McCain has made several trips to Vietnam, where her husband, Republican Sen. John McCain, was shot down during the Vietnam War and held for more than five years as a prisoner of war.

She visited the coastal town of Nha Trang where about 100 children born with cleft palates and cleft lips were awaiting free plastic surgery provided by the U.S. charity Operation Smile. The operations will take place on one of the U.S. Navy’s floating hospitals, the USNS Mercy.

"This is what I do, and this is what revitalizes me, personally," she said. "The campaign is extremely important, of course, but this is also important to me, and so you try to balance everything."

Cindy McCain has been actively involved with Operation Smile since 2001 and is a member of its board of directors.

She has a special connection to Vietnam because she and her husband first helped a baby, Phuoc Thi Le, receive reconstructive surgery on her cleft palate and cleft lip in 1997 after a chance meeting with the girl’s uncle in Arizona. Cindy McCain reunited with Le, now 11, during her one-day visit.

The McCains later adopted a daughter from Bangladesh who also was born with a facial deformity.

"When you see a child anywhere, say a child that doesn’t have food or a child with a cleft palate who’s been kept in a back room because the family is embarrassed or whatever it may be, it takes you back to really what’s basic and what’s really important," Cindy McCain said.

Before returning home, Cindy McCain was expected to stop in Thailand on Friday to meet with officials from the U.N. World Food Program to discuss ongoing relief operations in neighboring Myanmar. The military-run country is recovering from last month’s cyclone that killed more than 78,000 people and left another 56,000 missing.

Cindy McCain said she didn’t bother applying for an entry visa, because she knew the government would likely deny it.

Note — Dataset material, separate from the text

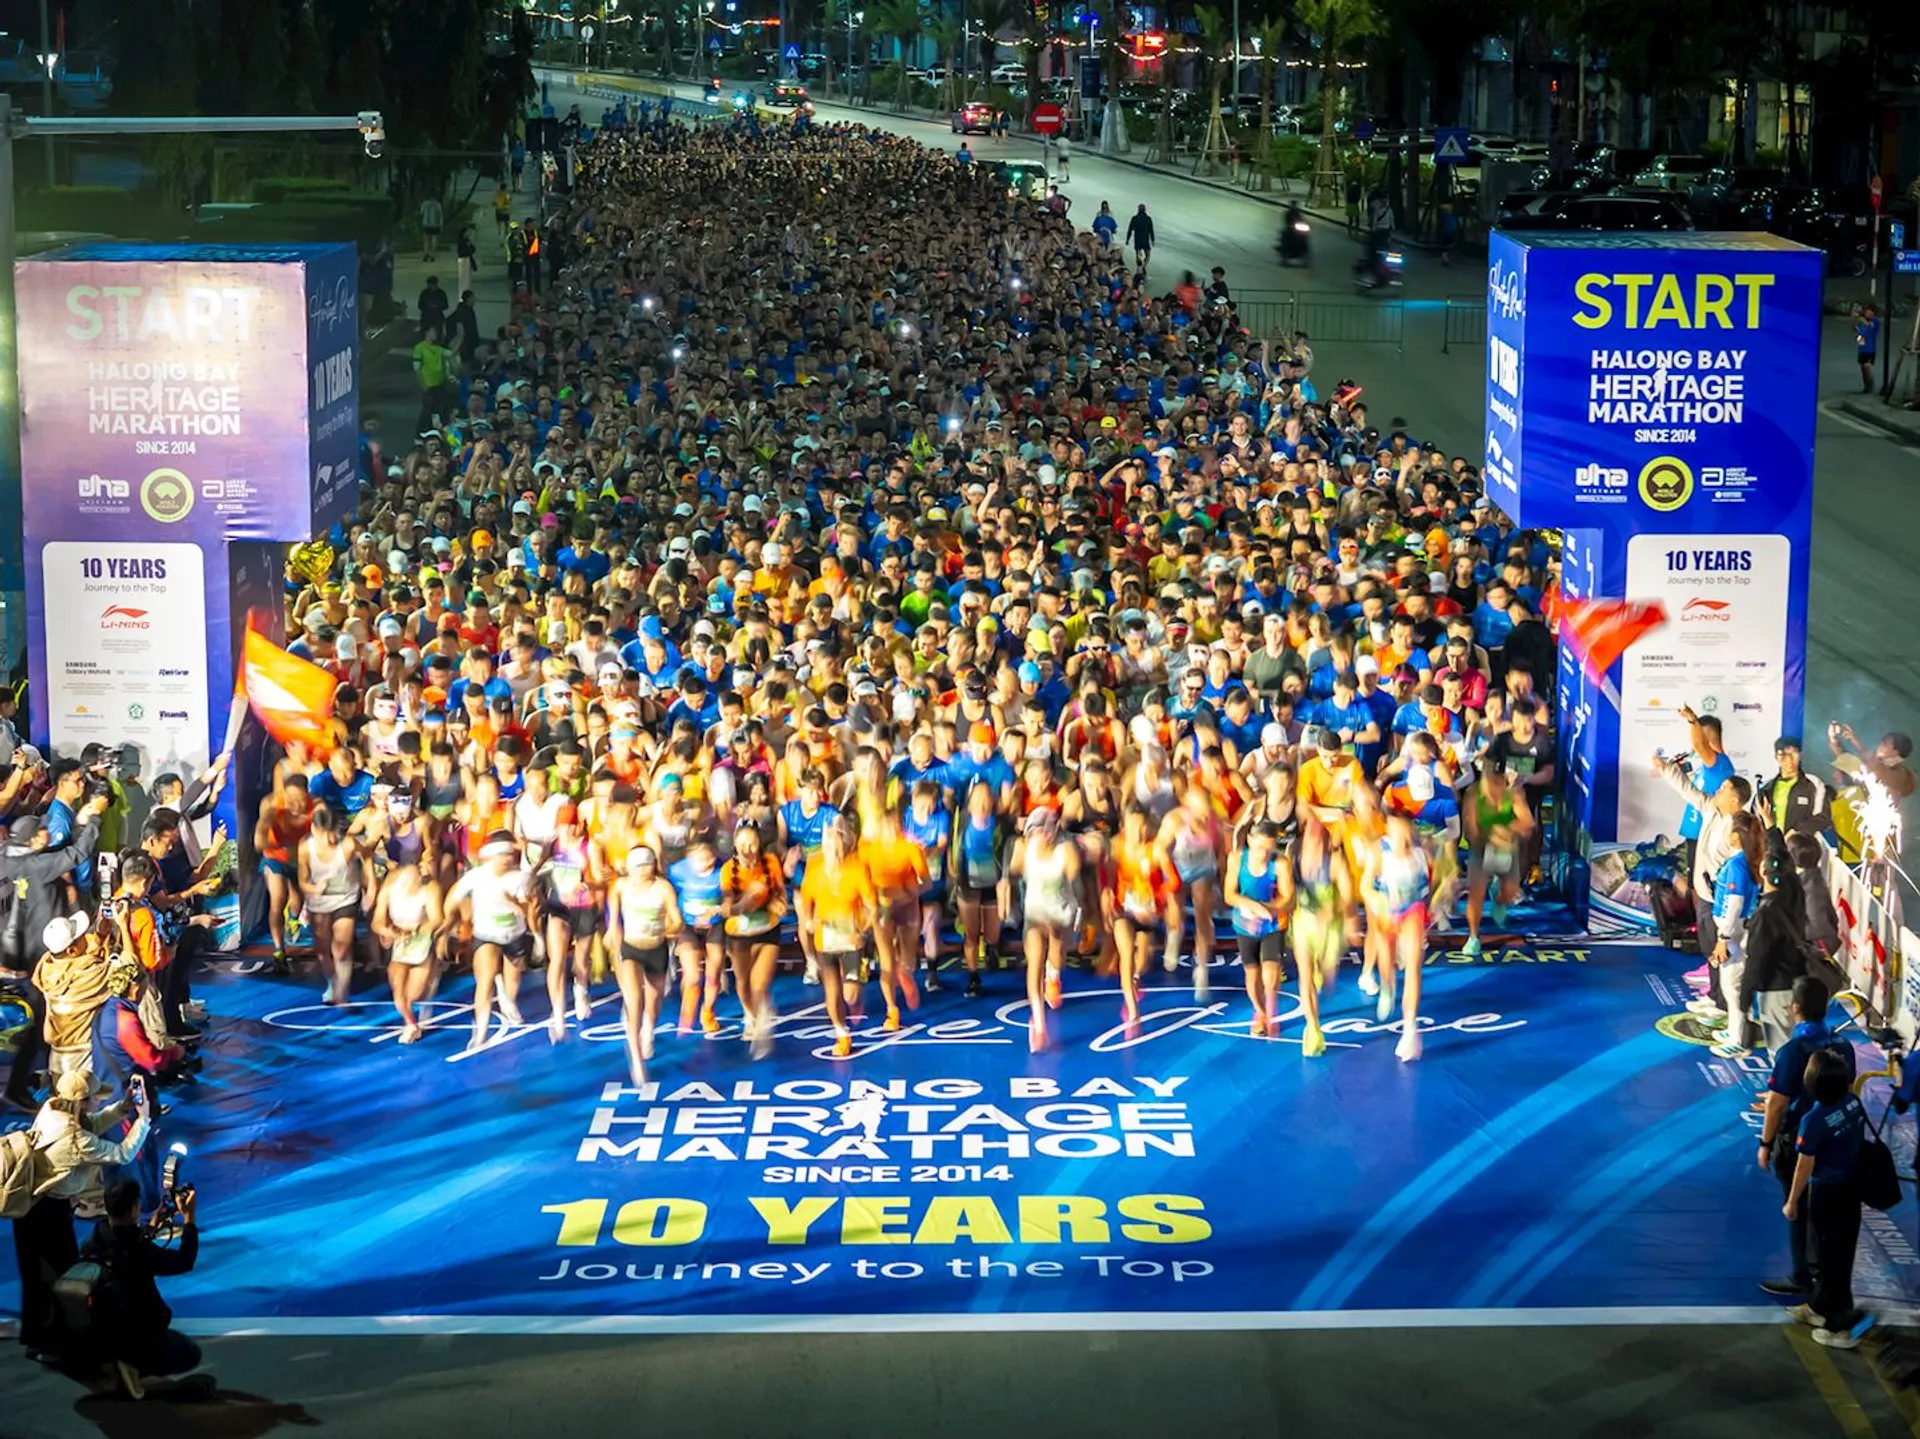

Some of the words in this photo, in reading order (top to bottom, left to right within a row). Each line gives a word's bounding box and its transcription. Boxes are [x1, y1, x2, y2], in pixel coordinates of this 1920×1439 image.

She has visited Myanmar twice.

"It’s just a terrible group of people that rule the country, and the frightening part is that their own people are dying of disease and starvation and everything else and it doesn’t matter," she said. "I don’t understand how human life doesn’t matter to somebody, but clearly, it doesn’t to them."

She also plans to visit Cambodia to participate in charity work there.

Separately, Cindy McCain told ABC’s "Good Morning America" in an interview aired Thursday that she believes Democrat Barack Obama "is a fine man" and his wife, Michelle, is "a fine woman," but the presidential election "is about who would be better and I think my husband would be better."

Cindy McCain caused a stir in the presidential race when she took exception to Michelle Obama’s February comment that for the first time in her adult life she was proud of the United States. She pointedly told reporters at the time: "I have, and always will be, proud of my country."

But Cindy McCain softened her tone when asked by ABC about the remark. "It wasn’t about being insulted at all. I don’t know why she said that — everyone has their own experience. I don’t know why she said what she said. All I know is that I’ve always been proud of my country."